House Roll Call Vote 386

2003 Scorecard Vote

Pro-environment vote

Yes

Votes For

185

Votes Against

234

Not Voting

15

America’s national forests are subdivided by more than 380,000 miles of roads, the vast majority of them built for the logging industry and subsidized by taxpayers. These roads often degrade key fish and wildlife habitat and pollute nearby rivers, lakes and streams. In early January 2001, after three years of public hearings and public comments, the Clinton administration issued an administrative rule, known as the roadless area conservation rule, to protect some 58.5 million acres of roadless national forest lands from roadbuilding and most forms of logging.

Since coming into office, the Bush administration has sought to undermine the roadless rule through a combination of administrative initiatives and neglect. In Idaho, for instance, the Bush administration failed to defend the rule in a lawsuit filed by Boise Corporation and the state of Idaho. More recently, the Justice Department filed an amicus brief in the U.S. Court of Appeals urging the court to deny standing to environmental organizations appealing an injunction against the rule.
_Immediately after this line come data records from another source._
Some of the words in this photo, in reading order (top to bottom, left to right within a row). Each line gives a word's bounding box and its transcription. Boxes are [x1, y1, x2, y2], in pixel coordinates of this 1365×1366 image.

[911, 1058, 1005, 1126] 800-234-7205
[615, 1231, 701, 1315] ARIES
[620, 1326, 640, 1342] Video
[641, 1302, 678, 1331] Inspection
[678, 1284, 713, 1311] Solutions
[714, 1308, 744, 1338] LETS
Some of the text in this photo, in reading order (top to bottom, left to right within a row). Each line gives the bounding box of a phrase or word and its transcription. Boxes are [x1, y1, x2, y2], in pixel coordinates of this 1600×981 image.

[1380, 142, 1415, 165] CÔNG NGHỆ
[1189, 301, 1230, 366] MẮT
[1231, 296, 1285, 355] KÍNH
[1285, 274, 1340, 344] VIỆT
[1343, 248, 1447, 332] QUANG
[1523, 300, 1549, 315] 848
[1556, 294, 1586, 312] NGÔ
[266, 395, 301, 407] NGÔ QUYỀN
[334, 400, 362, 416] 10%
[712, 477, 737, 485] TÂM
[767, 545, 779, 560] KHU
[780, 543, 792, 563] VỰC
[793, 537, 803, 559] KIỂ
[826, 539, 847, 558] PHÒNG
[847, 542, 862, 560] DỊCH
Earlier this year, the Bush administration unveiled a draft proposal to drop roadless protections for the globally significant Tongass National Forest in Alaska. Plans are now underway to drop protections for Alaska’s Chugach National Forest, America’s second largest forest, and to allow governors to petition the administration for similar exemptions for national forests in their own states. Meanwhile, the Forest Service is planning nearly 50 timber sales in Tongass old-growth forests that should be protected by the rule.
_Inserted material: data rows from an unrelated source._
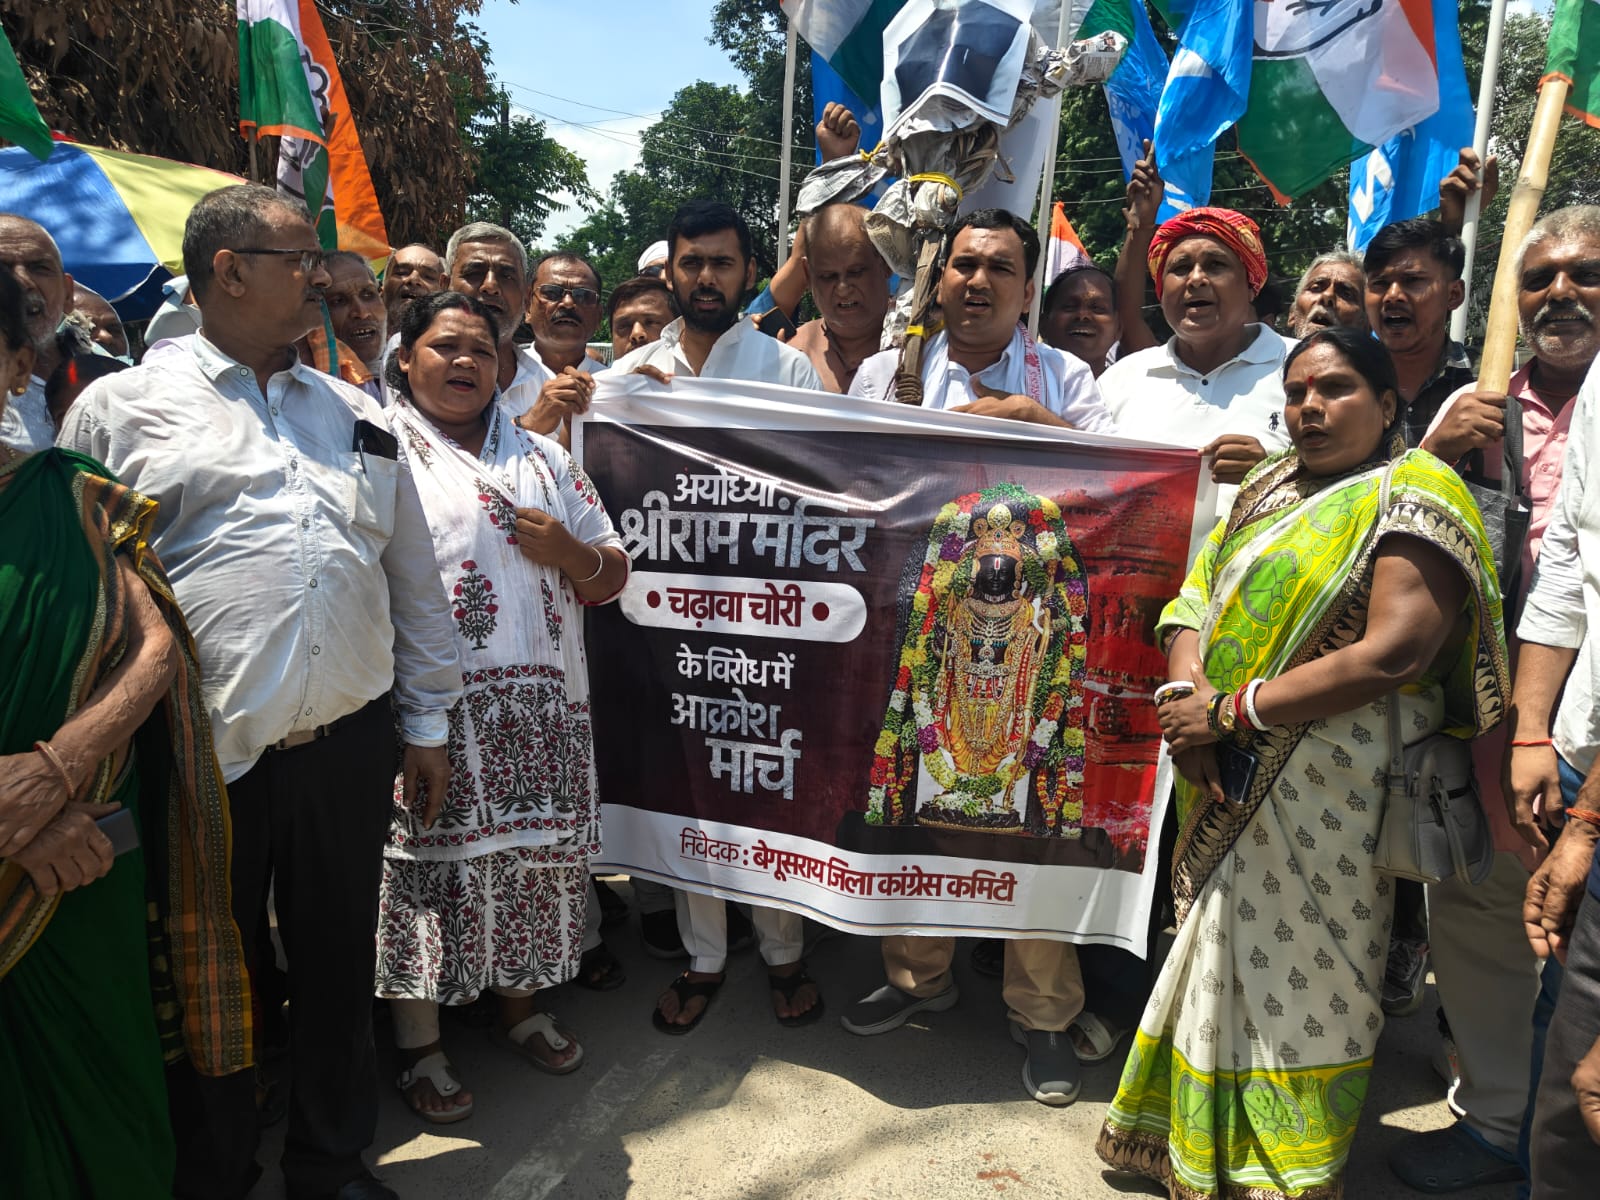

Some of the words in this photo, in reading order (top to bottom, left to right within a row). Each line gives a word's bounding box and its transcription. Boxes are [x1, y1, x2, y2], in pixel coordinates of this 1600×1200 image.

[673, 464, 778, 507] अयोध्या
[620, 490, 749, 565] श्रीराम
[750, 497, 876, 573] मंदिर
[666, 587, 746, 628] चढ़ावा
[747, 582, 805, 627] चोरी
[676, 643, 703, 678] के
[705, 646, 770, 687] विरोध
[770, 652, 796, 690] में
[670, 687, 782, 740] आक्रोश
[705, 728, 802, 801] मार्च
[752, 839, 827, 883] बेगूसराय
[827, 856, 874, 896] जिला
[876, 865, 944, 897] कांग्रेस
[946, 869, 1017, 902] कमिटी
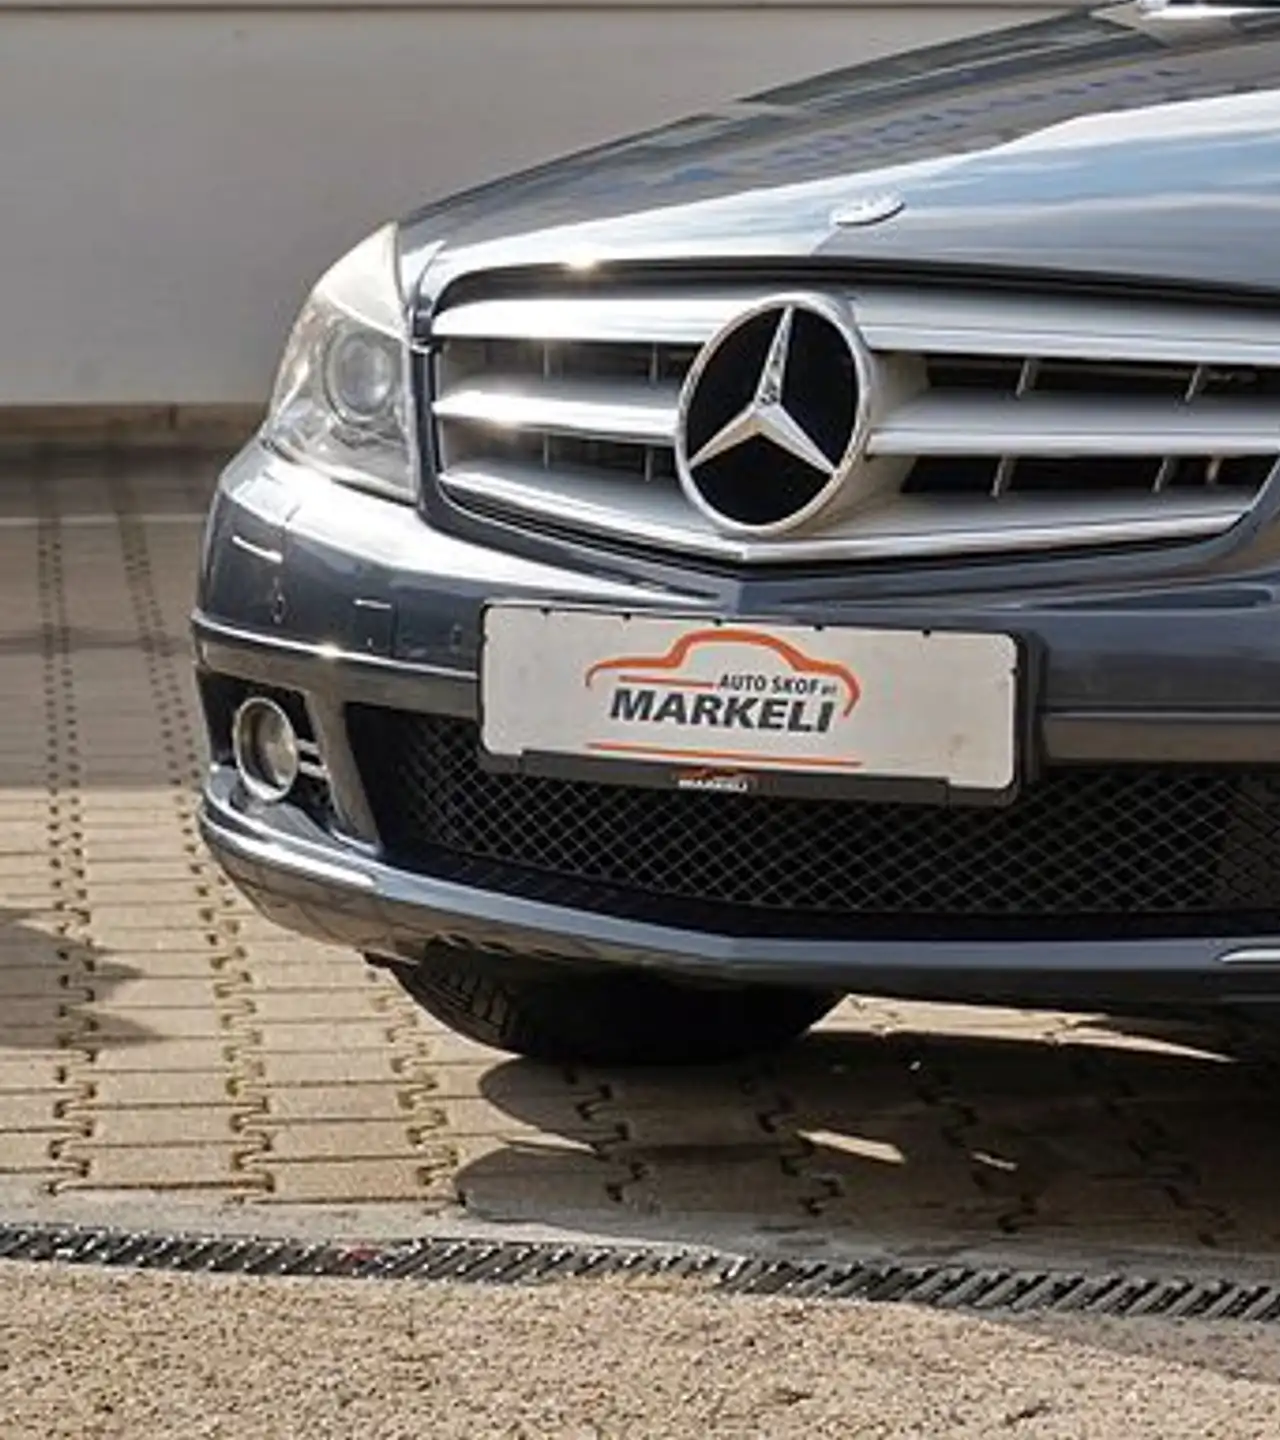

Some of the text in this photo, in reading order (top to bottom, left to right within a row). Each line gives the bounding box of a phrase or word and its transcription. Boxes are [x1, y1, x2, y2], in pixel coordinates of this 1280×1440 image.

[719, 673, 767, 692] AUTO
[770, 675, 819, 695] SKOF
[609, 688, 835, 734] MARKELI
In response to these policy rollbacks, Representative Jay Inslee (D-WA) offered an amendment to H.R. 2691, the 2004 Interior appropriations bill, to prohibit the administration from expending any federal funds to make changes to the roadless rule as it was originally published. On July 17, 2003, the House rejected the Inslee amendment by a 185-234 vote (House roll call vote 386). YES is the pro-environment vote. In December 2003, the Bush administration published a proposed rule that would exempt the Tongass National Forest from the roadless rule.